According to Uhrich, one task the committee spends time on is assessing which buildings should have emergency power and at what level that power should be provided. Uhrich provided the example of the data center located in the library, which is connected to a generator because a power outage there would mean the loss of key services required to manage the problem of bringing power back throughout campus. After essential electrical needs are met, Uhrich said the committee works alongside facilities to determine which buildings without emergency generators should be prioritized for additional allocated power.
The Sept. 2 power failure demonstrates the way in which this prioritization occurs. Johnson Hall and Keck Theater were the first spaces given full power generators for students to use during the blackout.
“We made an assessment of where there was good emergency power, meaning good lighting for safety reasons, and what was reasonably cool because it was 100+ degrees … because it was that hot, we wanted to find a location that was cool enough for people to be comfortable and that had good lighting,” Uhrich said.
Another complication of a powerless campus is the door lock system. According to Chris Reyes, assistant director of utilities, individual locks are battery operated. However, Uhrich said that the battery backups of exterior door locks drain quickly and are set to fail in the “locked” position, meaning that no one can enter without someone letting them in.
From Aug. 29 to Sept. 1, Occidental residents received several emails from Jim Tranquada, director of communications, about power conservation in an effort to avoid power failure. The emails explained the connection between the Southern California heat wave and peaking power demands brought on by air conditioning use. The heat wave brought more than just darkness with it; for days, several wildfires spread in California and other states. One such fire was the La Tuna fire, which spread for about 12 miles and caused evacuation in places as close as 10 miles from Occidental, such as Mountain Oaks Park.

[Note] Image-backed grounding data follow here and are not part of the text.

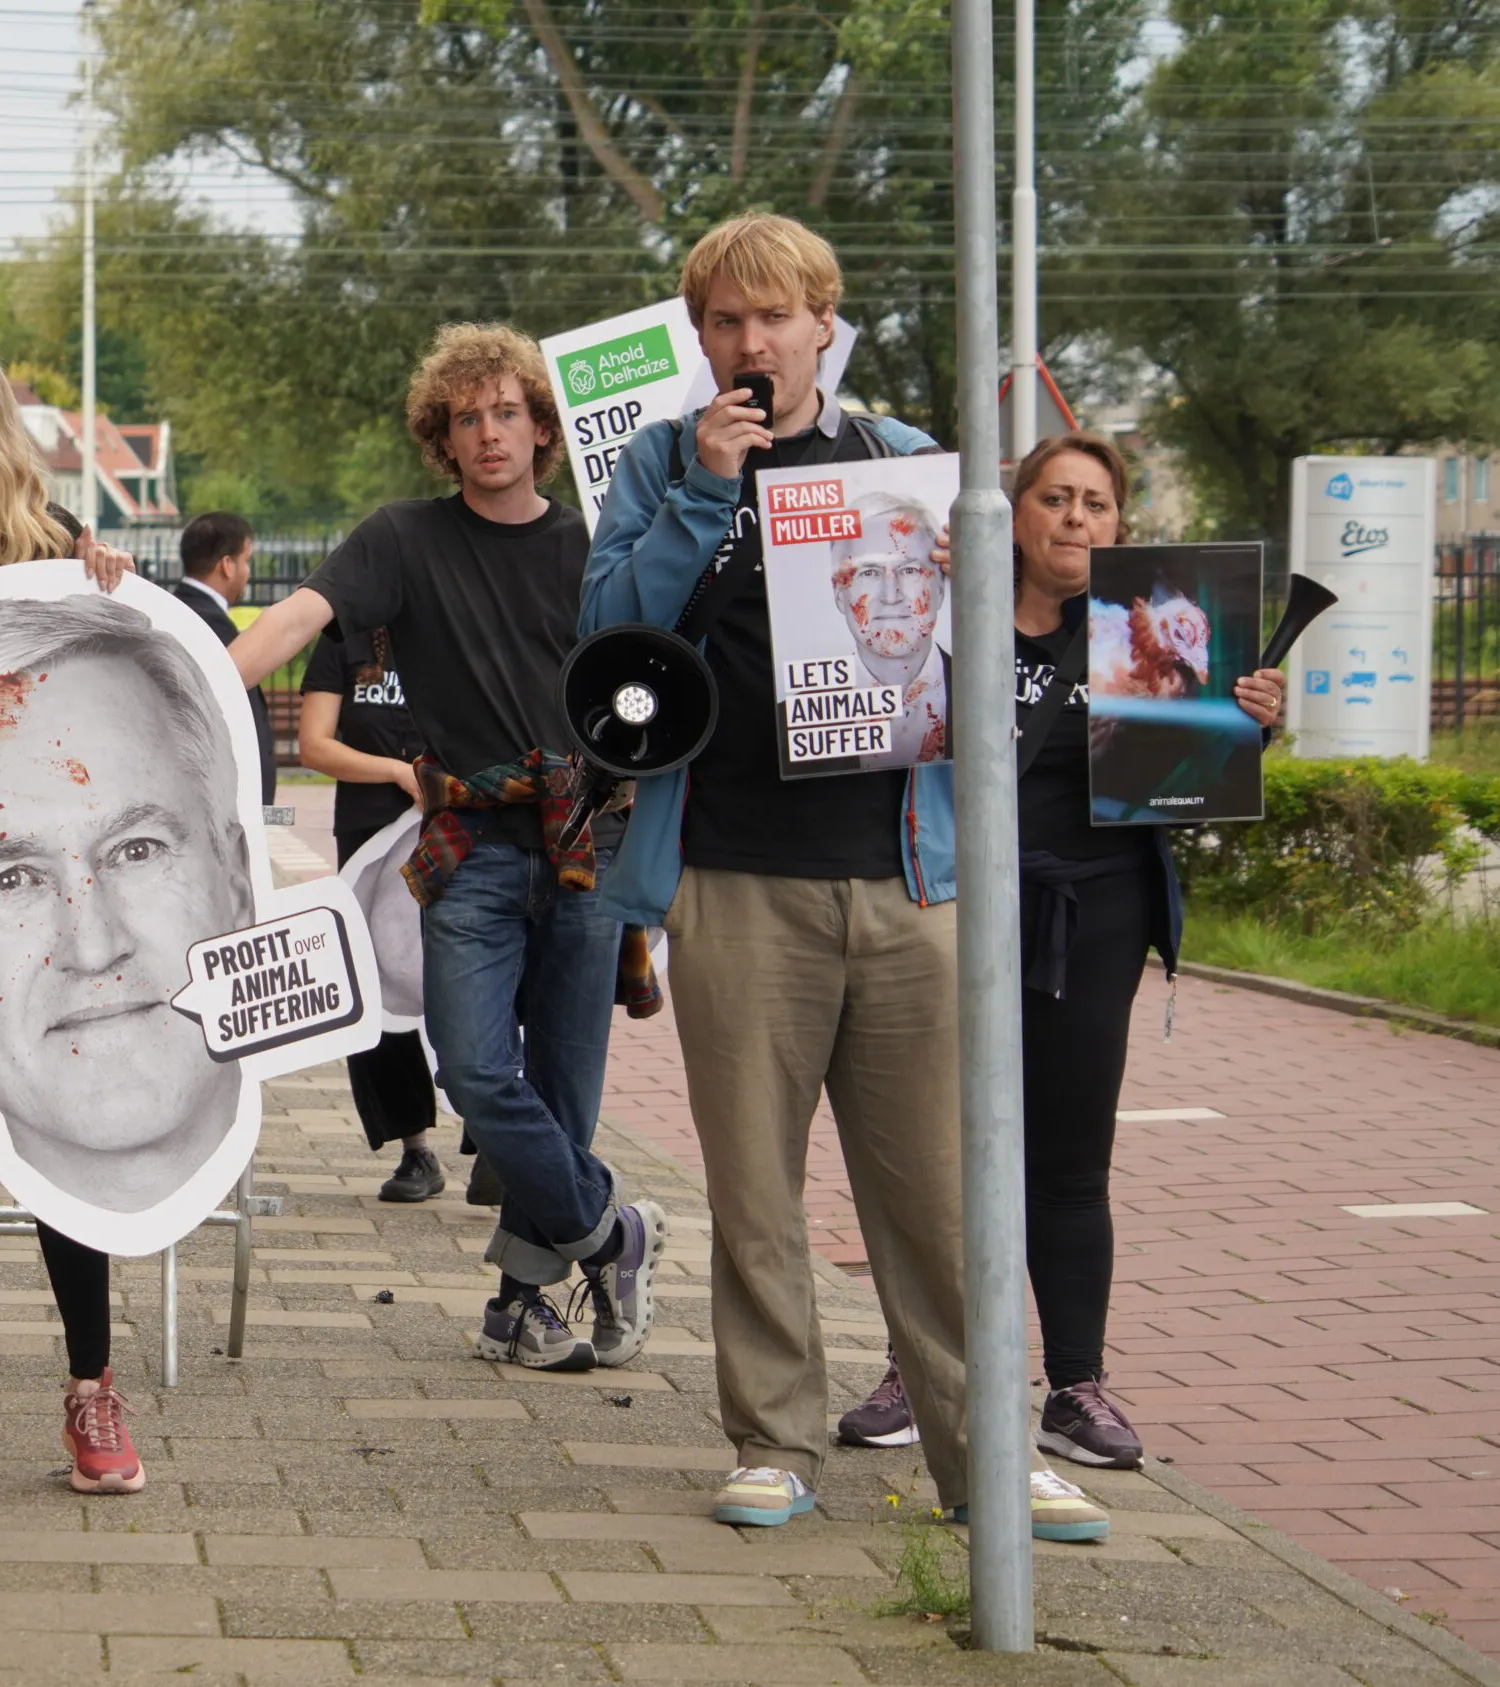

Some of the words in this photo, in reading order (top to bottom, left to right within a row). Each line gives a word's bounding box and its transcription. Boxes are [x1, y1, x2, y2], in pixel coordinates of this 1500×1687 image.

[599, 343, 645, 371] Ahold
[601, 358, 669, 388] Delhaize
[575, 400, 642, 445] STOP
[584, 444, 625, 483] DE
[772, 484, 839, 509] FRANS
[775, 515, 855, 542] MULLER
[1341, 520, 1389, 546] Etos
[789, 659, 849, 688] LETS
[791, 689, 896, 723] ANIMALS
[793, 726, 884, 757] SUFFER
[203, 928, 291, 980] PROFIT
[294, 932, 327, 955] over
[231, 958, 316, 1007] ANIMAL
[218, 982, 340, 1042] SUFFERING

If the fire were to extend to Occidental, James Uhrich, co-chair of the Emergency Preparedness Committee, chief information officer and associate vice president for information technology services, said the college would call emergency service personnel such as the Los Angeles Fire Dept. and Los Angeles Police Dept. for assistance in properly handling the situation. Appropriate services are delivered as needed when an emergency occurs that is not localized to campus but according to Sara Semal of Emmons and Chris Reyes of Facilities, Occidental Facilities staff works alongside officials to efficiently address the needs of the students. Furthermore, Uhrich said that in the event of an air quality issue such as smoke inhalation from wildfires, Occidental would first get everyone indoors and then procure long-term sheltering for residents.
Occidental is equipped with resources such as oxygen masks and water to survive on its own for at least a short time if an emergency localized to campus were to occur, according to Semal. Uhrich said that in the case that the Los Angeles area became unsafe, but Occidental would work on obtaining more resources to bring in from outside connections. In this type of situation, Uhrich and other administration would consider how it would open the campus up for the local community to keep others safe as well.
“We are here. We do this on a regular basis and we do our best to try to be prepared to provide the services that the community needs,” Uhrich said.